=== Directions for this task ===
Transcribe every entry verbatim; omit pictures.

** Opening Extracted records block **

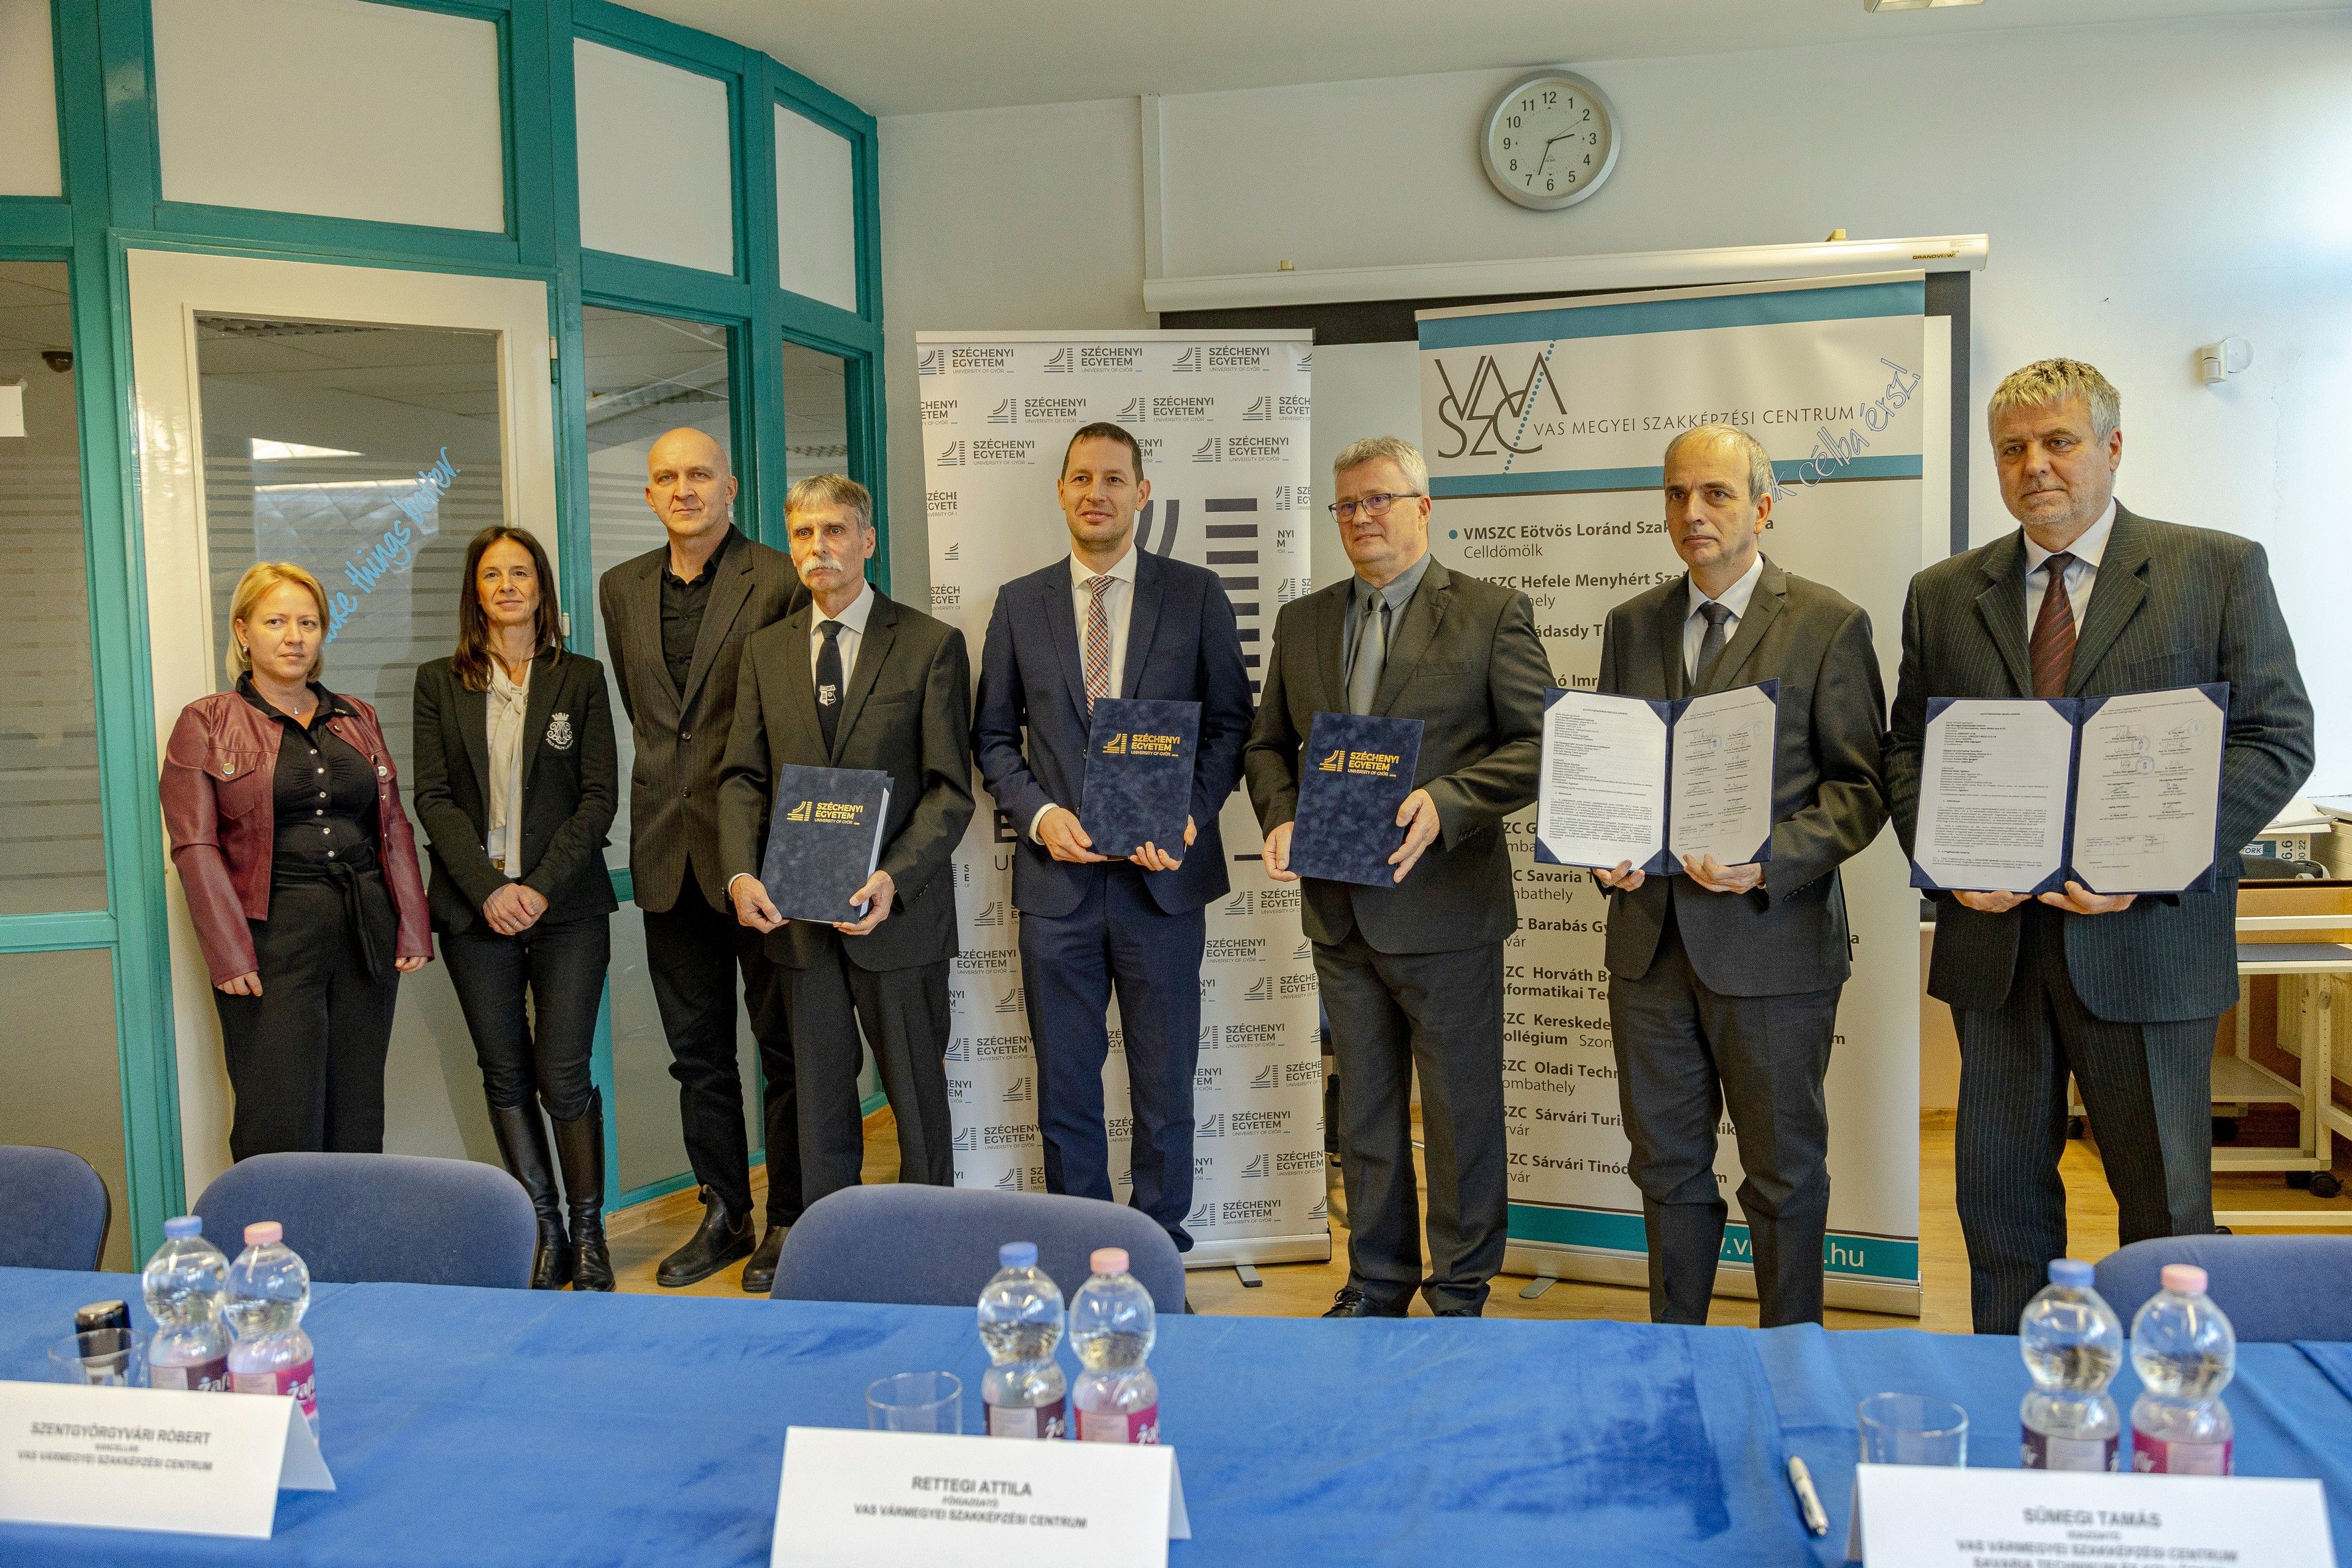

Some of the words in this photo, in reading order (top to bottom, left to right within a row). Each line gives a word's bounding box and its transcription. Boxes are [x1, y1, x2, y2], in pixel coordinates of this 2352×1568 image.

[1542, 92, 1557, 104] 12
[1568, 97, 1573, 109] 1
[1522, 100, 1535, 112] 11
[1583, 109, 1590, 121] 2
[1506, 116, 1521, 128] 10
[1503, 137, 1510, 149] 9
[1589, 133, 1597, 145] 3
[1510, 159, 1517, 171] 8
[1583, 154, 1591, 165] 4
[1526, 174, 1532, 186] 7
[1569, 171, 1575, 183] 5
[1547, 179, 1554, 191] 6
[952, 347, 1014, 357] SZÉCHENYI
[1081, 347, 1142, 356] SZÉCHENYI
[1209, 345, 1269, 356] SZÉCHENYI
[953, 358, 1004, 368] EGYETEM
[1081, 358, 1133, 366] EGYETEM
[920, 400, 957, 409] CHENYI
[1024, 397, 1086, 408] SZÉCHENYI
[1153, 396, 1214, 406] SZÉCHENYI
[1279, 395, 1310, 405] SZÉCH
[921, 410, 948, 419] ETEM
[1025, 408, 1076, 417] EGYETEM
[1153, 407, 1204, 416] EGYETEM
[1279, 406, 1310, 415] EGYET
[1534, 422, 1565, 436] VAS
[1573, 418, 1635, 434] MEGYEI
[1643, 409, 1755, 431] SZAKKÉPZÉSI
[1763, 406, 1853, 424] CENTRUM
[973, 439, 1035, 449] SZÉCHENYI
[1229, 435, 1289, 446] SZÉCHENYI
[973, 450, 1025, 459] EGYETEM
[1229, 447, 1279, 455] EGYETEM
[1464, 526, 1517, 540] VMSZC
[1521, 524, 1572, 538] Eötvös
[1577, 522, 1632, 536] Loránd
[1636, 520, 1669, 534] Szak
[343, 520, 411, 593] things
[1464, 543, 1543, 559] Celldömölk
[1522, 574, 1570, 588] Hefele
[1575, 572, 1650, 589] Menyhért
[931, 584, 960, 593] SZÉCH
[931, 595, 959, 604] EGYET
[1536, 625, 1589, 640] ádasdy
[1573, 674, 1598, 687] Imr
[1133, 733, 1180, 744] SZÉCHENYI
[1131, 742, 1172, 751] EGYETEM
[1350, 751, 1399, 763] SZÉCHENYI
[1348, 760, 1390, 771] EGYETEM
[817, 802, 863, 813] SZÉCHENYI
[815, 810, 854, 820] EGYETEM
[1528, 869, 1582, 883] Savaria
[1261, 888, 1300, 899] SZÉCHE
[1514, 887, 1573, 903] bathely
[1261, 899, 1300, 908] EGYETE
[1529, 916, 1587, 932] Barabás
[1206, 938, 1266, 948] SZÉCHENYI
[957, 949, 1016, 959] SZÉCHENYI
[1206, 949, 1256, 957] EGYETEM
[957, 959, 1007, 968] EGYETEM
[1281, 973, 1318, 984] SZÉCHE
[1533, 967, 1593, 981] Horváth
[1534, 1014, 1610, 1030] Kereskede
[1225, 1023, 1285, 1034] SZÉCHENYI
[977, 1035, 1032, 1047] SZÉCHENY
[1226, 1033, 1275, 1042] EGYETEM
[1504, 1030, 1568, 1046] ollégium
[977, 1045, 1028, 1056] EGYETEM
[1286, 1061, 1322, 1072] SZÉCHE
[1535, 1061, 1573, 1076] Oladi
[1578, 1065, 1618, 1079] Techn
[1286, 1071, 1322, 1081] EGYETE
[1503, 1077, 1575, 1096] ombathely
[1232, 1110, 1290, 1121] SZÉCHENYI
[1535, 1107, 1587, 1123] Sárvári
[984, 1124, 1039, 1135] SZÉCHENY
[1232, 1120, 1281, 1130] EGYETEM
[984, 1134, 1034, 1144] EGYETEM
[1277, 1150, 1324, 1162] SZÉCHEN
[1532, 1154, 1583, 1170] Sárvári
[1588, 1160, 1629, 1175] Tinód
[1223, 1200, 1281, 1210] SZÉCHENYI
[1223, 1210, 1272, 1219] EGYETEM
[911, 1475, 976, 1494] RETTEGI
[979, 1480, 1033, 1497] ATTILA

** Closing Extracted records block **

=== Task solution ===
Some of the words in this photo, in reading order (top to bottom, left to right within a row). Each line gives a word's bounding box and its transcription. Boxes are [x1, y1, x2, y2], in pixel coordinates of this 2352×1568 image.

[1542, 92, 1557, 104] 12
[1568, 97, 1573, 109] 1
[1522, 100, 1535, 112] 11
[1583, 109, 1590, 121] 2
[1506, 116, 1521, 128] 10
[1503, 137, 1510, 149] 9
[1589, 133, 1597, 145] 3
[1510, 159, 1517, 171] 8
[1583, 154, 1591, 165] 4
[1526, 174, 1532, 186] 7
[1569, 171, 1575, 183] 5
[1547, 179, 1554, 191] 6
[952, 347, 1014, 357] SZÉCHENYI
[1081, 347, 1142, 356] SZÉCHENYI
[1209, 345, 1269, 356] SZÉCHENYI
[953, 358, 1004, 368] EGYETEM
[1081, 358, 1133, 366] EGYETEM
[920, 400, 957, 409] CHENYI
[1024, 397, 1086, 408] SZÉCHENYI
[1153, 396, 1214, 406] SZÉCHENYI
[1279, 395, 1310, 405] SZÉCH
[921, 410, 948, 419] ETEM
[1025, 408, 1076, 417] EGYETEM
[1153, 407, 1204, 416] EGYETEM
[1279, 406, 1310, 415] EGYET
[1534, 422, 1565, 436] VAS
[1573, 418, 1635, 434] MEGYEI
[1643, 409, 1755, 431] SZAKKÉPZÉSI
[1763, 406, 1853, 424] CENTRUM
[973, 439, 1035, 449] SZÉCHENYI
[1229, 435, 1289, 446] SZÉCHENYI
[973, 450, 1025, 459] EGYETEM
[1229, 447, 1279, 455] EGYETEM
[1464, 526, 1517, 540] VMSZC
[1521, 524, 1572, 538] Eötvös
[1577, 522, 1632, 536] Loránd
[1636, 520, 1669, 534] Szak
[343, 520, 411, 593] things
[1464, 543, 1543, 559] Celldömölk
[1522, 574, 1570, 588] Hefele
[1575, 572, 1650, 589] Menyhért
[931, 584, 960, 593] SZÉCH
[931, 595, 959, 604] EGYET
[1536, 625, 1589, 640] ádasdy
[1573, 674, 1598, 687] Imr
[1133, 733, 1180, 744] SZÉCHENYI
[1131, 742, 1172, 751] EGYETEM
[1350, 751, 1399, 763] SZÉCHENYI
[1348, 760, 1390, 771] EGYETEM
[817, 802, 863, 813] SZÉCHENYI
[815, 810, 854, 820] EGYETEM
[1528, 869, 1582, 883] Savaria
[1261, 888, 1300, 899] SZÉCHE
[1514, 887, 1573, 903] bathely
[1261, 899, 1300, 908] EGYETE
[1529, 916, 1587, 932] Barabás
[1206, 938, 1266, 948] SZÉCHENYI
[957, 949, 1016, 959] SZÉCHENYI
[1206, 949, 1256, 957] EGYETEM
[957, 959, 1007, 968] EGYETEM
[1281, 973, 1318, 984] SZÉCHE
[1533, 967, 1593, 981] Horváth
[1534, 1014, 1610, 1030] Kereskede
[1225, 1023, 1285, 1034] SZÉCHENYI
[977, 1035, 1032, 1047] SZÉCHENY
[1226, 1033, 1275, 1042] EGYETEM
[1504, 1030, 1568, 1046] ollégium
[977, 1045, 1028, 1056] EGYETEM
[1286, 1061, 1322, 1072] SZÉCHE
[1535, 1061, 1573, 1076] Oladi
[1578, 1065, 1618, 1079] Techn
[1286, 1071, 1322, 1081] EGYETE
[1503, 1077, 1575, 1096] ombathely
[1232, 1110, 1290, 1121] SZÉCHENYI
[1535, 1107, 1587, 1123] Sárvári
[984, 1124, 1039, 1135] SZÉCHENY
[1232, 1120, 1281, 1130] EGYETEM
[984, 1134, 1034, 1144] EGYETEM
[1277, 1150, 1324, 1162] SZÉCHEN
[1532, 1154, 1583, 1170] Sárvári
[1588, 1160, 1629, 1175] Tinód
[1223, 1200, 1281, 1210] SZÉCHENYI
[1223, 1210, 1272, 1219] EGYETEM
[911, 1475, 976, 1494] RETTEGI
[979, 1480, 1033, 1497] ATTILA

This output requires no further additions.